(Entries taken from a collection)
● ● ●
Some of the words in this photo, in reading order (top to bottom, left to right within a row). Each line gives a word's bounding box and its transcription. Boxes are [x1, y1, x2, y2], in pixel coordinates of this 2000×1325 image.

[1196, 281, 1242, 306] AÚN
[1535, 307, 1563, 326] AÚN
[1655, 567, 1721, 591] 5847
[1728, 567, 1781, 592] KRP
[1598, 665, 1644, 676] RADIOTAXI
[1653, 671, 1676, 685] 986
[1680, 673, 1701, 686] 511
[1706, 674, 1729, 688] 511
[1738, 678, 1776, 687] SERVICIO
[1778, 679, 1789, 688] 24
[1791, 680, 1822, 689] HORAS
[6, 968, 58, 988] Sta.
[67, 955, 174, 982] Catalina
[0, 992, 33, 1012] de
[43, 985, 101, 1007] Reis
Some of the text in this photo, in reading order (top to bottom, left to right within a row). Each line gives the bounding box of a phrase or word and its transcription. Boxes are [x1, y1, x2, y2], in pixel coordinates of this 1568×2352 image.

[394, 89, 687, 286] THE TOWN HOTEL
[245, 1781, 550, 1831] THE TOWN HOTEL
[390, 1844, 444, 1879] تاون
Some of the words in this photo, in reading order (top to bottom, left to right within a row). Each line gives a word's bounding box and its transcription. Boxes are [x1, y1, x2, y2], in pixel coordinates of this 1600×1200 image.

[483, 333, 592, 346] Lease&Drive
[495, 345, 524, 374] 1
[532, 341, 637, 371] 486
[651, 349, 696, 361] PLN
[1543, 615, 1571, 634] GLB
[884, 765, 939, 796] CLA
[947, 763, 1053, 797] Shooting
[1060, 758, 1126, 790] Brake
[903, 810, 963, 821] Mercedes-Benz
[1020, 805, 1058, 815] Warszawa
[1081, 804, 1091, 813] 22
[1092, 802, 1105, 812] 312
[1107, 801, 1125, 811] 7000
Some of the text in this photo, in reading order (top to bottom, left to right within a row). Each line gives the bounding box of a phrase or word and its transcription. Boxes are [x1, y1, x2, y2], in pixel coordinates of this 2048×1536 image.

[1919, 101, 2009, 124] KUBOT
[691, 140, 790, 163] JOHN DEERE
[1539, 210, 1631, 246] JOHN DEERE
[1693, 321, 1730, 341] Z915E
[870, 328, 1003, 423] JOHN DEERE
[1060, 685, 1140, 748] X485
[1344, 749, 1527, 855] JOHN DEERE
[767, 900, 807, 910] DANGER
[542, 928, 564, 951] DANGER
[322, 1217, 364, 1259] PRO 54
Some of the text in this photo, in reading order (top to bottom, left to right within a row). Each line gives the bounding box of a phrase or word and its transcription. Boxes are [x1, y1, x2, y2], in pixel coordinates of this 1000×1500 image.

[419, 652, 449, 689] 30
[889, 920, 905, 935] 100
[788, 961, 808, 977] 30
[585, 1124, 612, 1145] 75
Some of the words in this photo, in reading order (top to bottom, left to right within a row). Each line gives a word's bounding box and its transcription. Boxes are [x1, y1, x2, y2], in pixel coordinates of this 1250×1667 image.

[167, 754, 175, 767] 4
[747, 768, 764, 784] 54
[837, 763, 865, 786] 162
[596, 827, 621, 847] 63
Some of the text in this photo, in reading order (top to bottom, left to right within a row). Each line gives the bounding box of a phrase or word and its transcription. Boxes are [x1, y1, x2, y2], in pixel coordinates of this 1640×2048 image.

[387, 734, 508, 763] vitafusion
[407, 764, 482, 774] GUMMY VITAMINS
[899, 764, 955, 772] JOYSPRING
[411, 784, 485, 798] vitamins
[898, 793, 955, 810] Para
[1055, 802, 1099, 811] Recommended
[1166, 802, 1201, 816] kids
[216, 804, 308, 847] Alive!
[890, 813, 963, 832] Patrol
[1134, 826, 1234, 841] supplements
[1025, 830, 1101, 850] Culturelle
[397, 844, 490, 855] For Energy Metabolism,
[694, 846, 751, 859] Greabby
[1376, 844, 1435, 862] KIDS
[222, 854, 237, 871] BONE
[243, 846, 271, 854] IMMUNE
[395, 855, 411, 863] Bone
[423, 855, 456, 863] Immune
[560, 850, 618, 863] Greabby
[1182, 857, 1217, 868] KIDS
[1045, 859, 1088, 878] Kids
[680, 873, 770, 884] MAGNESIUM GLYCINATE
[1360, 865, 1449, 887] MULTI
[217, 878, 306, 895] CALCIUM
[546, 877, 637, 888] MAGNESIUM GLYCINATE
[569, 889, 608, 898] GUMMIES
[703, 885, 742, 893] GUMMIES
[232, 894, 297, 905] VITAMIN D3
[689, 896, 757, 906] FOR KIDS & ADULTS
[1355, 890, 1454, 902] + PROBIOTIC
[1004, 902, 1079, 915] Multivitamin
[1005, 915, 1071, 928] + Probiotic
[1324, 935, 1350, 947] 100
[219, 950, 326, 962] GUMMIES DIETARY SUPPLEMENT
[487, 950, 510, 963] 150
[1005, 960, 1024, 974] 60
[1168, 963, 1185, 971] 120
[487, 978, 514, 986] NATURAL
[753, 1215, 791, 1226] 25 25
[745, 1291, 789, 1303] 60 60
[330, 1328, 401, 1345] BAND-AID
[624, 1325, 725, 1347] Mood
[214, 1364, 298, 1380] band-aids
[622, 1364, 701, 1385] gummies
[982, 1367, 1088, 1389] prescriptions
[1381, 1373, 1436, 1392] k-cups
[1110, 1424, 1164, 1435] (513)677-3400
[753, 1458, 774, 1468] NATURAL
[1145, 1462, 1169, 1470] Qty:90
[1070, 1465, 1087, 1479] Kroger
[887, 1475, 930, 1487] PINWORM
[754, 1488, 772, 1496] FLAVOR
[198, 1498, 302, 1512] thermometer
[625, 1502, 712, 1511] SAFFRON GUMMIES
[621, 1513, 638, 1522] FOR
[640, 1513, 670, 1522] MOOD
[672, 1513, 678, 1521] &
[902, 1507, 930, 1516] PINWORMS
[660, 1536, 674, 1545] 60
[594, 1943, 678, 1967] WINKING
● ● ●
Here the job is to restate all of the data word for word.

Some of the words in this photo, in reading order (top to bottom, left to right within a row). Each line gives a word's bounding box and its transcription. Boxes are [x1, y1, x2, y2], in pixel coordinates of this 2000×1325 image.

[1196, 281, 1242, 306] AÚN
[1535, 307, 1563, 326] AÚN
[1655, 567, 1721, 591] 5847
[1728, 567, 1781, 592] KRP
[1598, 665, 1644, 676] RADIOTAXI
[1653, 671, 1676, 685] 986
[1680, 673, 1701, 686] 511
[1706, 674, 1729, 688] 511
[1738, 678, 1776, 687] SERVICIO
[1778, 679, 1789, 688] 24
[1791, 680, 1822, 689] HORAS
[6, 968, 58, 988] Sta.
[67, 955, 174, 982] Catalina
[0, 992, 33, 1012] de
[43, 985, 101, 1007] Reis
Some of the text in this photo, in reading order (top to bottom, left to right within a row). Each line gives the bounding box of a phrase or word and its transcription. Boxes are [x1, y1, x2, y2], in pixel coordinates of this 1568×2352 image.

[394, 89, 687, 286] THE TOWN HOTEL
[245, 1781, 550, 1831] THE TOWN HOTEL
[390, 1844, 444, 1879] تاون
Some of the words in this photo, in reading order (top to bottom, left to right within a row). Each line gives a word's bounding box and its transcription. Boxes are [x1, y1, x2, y2], in pixel coordinates of this 1600×1200 image.

[483, 333, 592, 346] Lease&Drive
[495, 345, 524, 374] 1
[532, 341, 637, 371] 486
[651, 349, 696, 361] PLN
[1543, 615, 1571, 634] GLB
[884, 765, 939, 796] CLA
[947, 763, 1053, 797] Shooting
[1060, 758, 1126, 790] Brake
[903, 810, 963, 821] Mercedes-Benz
[1020, 805, 1058, 815] Warszawa
[1081, 804, 1091, 813] 22
[1092, 802, 1105, 812] 312
[1107, 801, 1125, 811] 7000
Some of the text in this photo, in reading order (top to bottom, left to right within a row). Each line gives the bounding box of a phrase or word and its transcription. Boxes are [x1, y1, x2, y2], in pixel coordinates of this 2048×1536 image.

[1919, 101, 2009, 124] KUBOT
[691, 140, 790, 163] JOHN DEERE
[1539, 210, 1631, 246] JOHN DEERE
[1693, 321, 1730, 341] Z915E
[870, 328, 1003, 423] JOHN DEERE
[1060, 685, 1140, 748] X485
[1344, 749, 1527, 855] JOHN DEERE
[767, 900, 807, 910] DANGER
[542, 928, 564, 951] DANGER
[322, 1217, 364, 1259] PRO 54
Some of the text in this photo, in reading order (top to bottom, left to right within a row). Each line gives the bounding box of a phrase or word and its transcription. Boxes are [x1, y1, x2, y2], in pixel coordinates of this 1000×1500 image.

[419, 652, 449, 689] 30
[889, 920, 905, 935] 100
[788, 961, 808, 977] 30
[585, 1124, 612, 1145] 75
Some of the words in this photo, in reading order (top to bottom, left to right within a row). Each line gives a word's bounding box and its transcription. Boxes are [x1, y1, x2, y2], in pixel coordinates of this 1250×1667 image.

[167, 754, 175, 767] 4
[747, 768, 764, 784] 54
[837, 763, 865, 786] 162
[596, 827, 621, 847] 63
Some of the text in this photo, in reading order (top to bottom, left to right within a row). Each line gives the bounding box of a phrase or word and its transcription. Boxes are [x1, y1, x2, y2], in pixel coordinates of this 1640×2048 image.

[387, 734, 508, 763] vitafusion
[407, 764, 482, 774] GUMMY VITAMINS
[899, 764, 955, 772] JOYSPRING
[411, 784, 485, 798] vitamins
[898, 793, 955, 810] Para
[1055, 802, 1099, 811] Recommended
[1166, 802, 1201, 816] kids
[216, 804, 308, 847] Alive!
[890, 813, 963, 832] Patrol
[1134, 826, 1234, 841] supplements
[1025, 830, 1101, 850] Culturelle
[397, 844, 490, 855] For Energy Metabolism,
[694, 846, 751, 859] Greabby
[1376, 844, 1435, 862] KIDS
[222, 854, 237, 871] BONE
[243, 846, 271, 854] IMMUNE
[395, 855, 411, 863] Bone
[423, 855, 456, 863] Immune
[560, 850, 618, 863] Greabby
[1182, 857, 1217, 868] KIDS
[1045, 859, 1088, 878] Kids
[680, 873, 770, 884] MAGNESIUM GLYCINATE
[1360, 865, 1449, 887] MULTI
[217, 878, 306, 895] CALCIUM
[546, 877, 637, 888] MAGNESIUM GLYCINATE
[569, 889, 608, 898] GUMMIES
[703, 885, 742, 893] GUMMIES
[232, 894, 297, 905] VITAMIN D3
[689, 896, 757, 906] FOR KIDS & ADULTS
[1355, 890, 1454, 902] + PROBIOTIC
[1004, 902, 1079, 915] Multivitamin
[1005, 915, 1071, 928] + Probiotic
[1324, 935, 1350, 947] 100
[219, 950, 326, 962] GUMMIES DIETARY SUPPLEMENT
[487, 950, 510, 963] 150
[1005, 960, 1024, 974] 60
[1168, 963, 1185, 971] 120
[487, 978, 514, 986] NATURAL
[753, 1215, 791, 1226] 25 25
[745, 1291, 789, 1303] 60 60
[330, 1328, 401, 1345] BAND-AID
[624, 1325, 725, 1347] Mood
[214, 1364, 298, 1380] band-aids
[622, 1364, 701, 1385] gummies
[982, 1367, 1088, 1389] prescriptions
[1381, 1373, 1436, 1392] k-cups
[1110, 1424, 1164, 1435] (513)677-3400
[753, 1458, 774, 1468] NATURAL
[1145, 1462, 1169, 1470] Qty:90
[1070, 1465, 1087, 1479] Kroger
[887, 1475, 930, 1487] PINWORM
[754, 1488, 772, 1496] FLAVOR
[198, 1498, 302, 1512] thermometer
[625, 1502, 712, 1511] SAFFRON GUMMIES
[621, 1513, 638, 1522] FOR
[640, 1513, 670, 1522] MOOD
[672, 1513, 678, 1521] &
[902, 1507, 930, 1516] PINWORMS
[660, 1536, 674, 1545] 60
[594, 1943, 678, 1967] WINKING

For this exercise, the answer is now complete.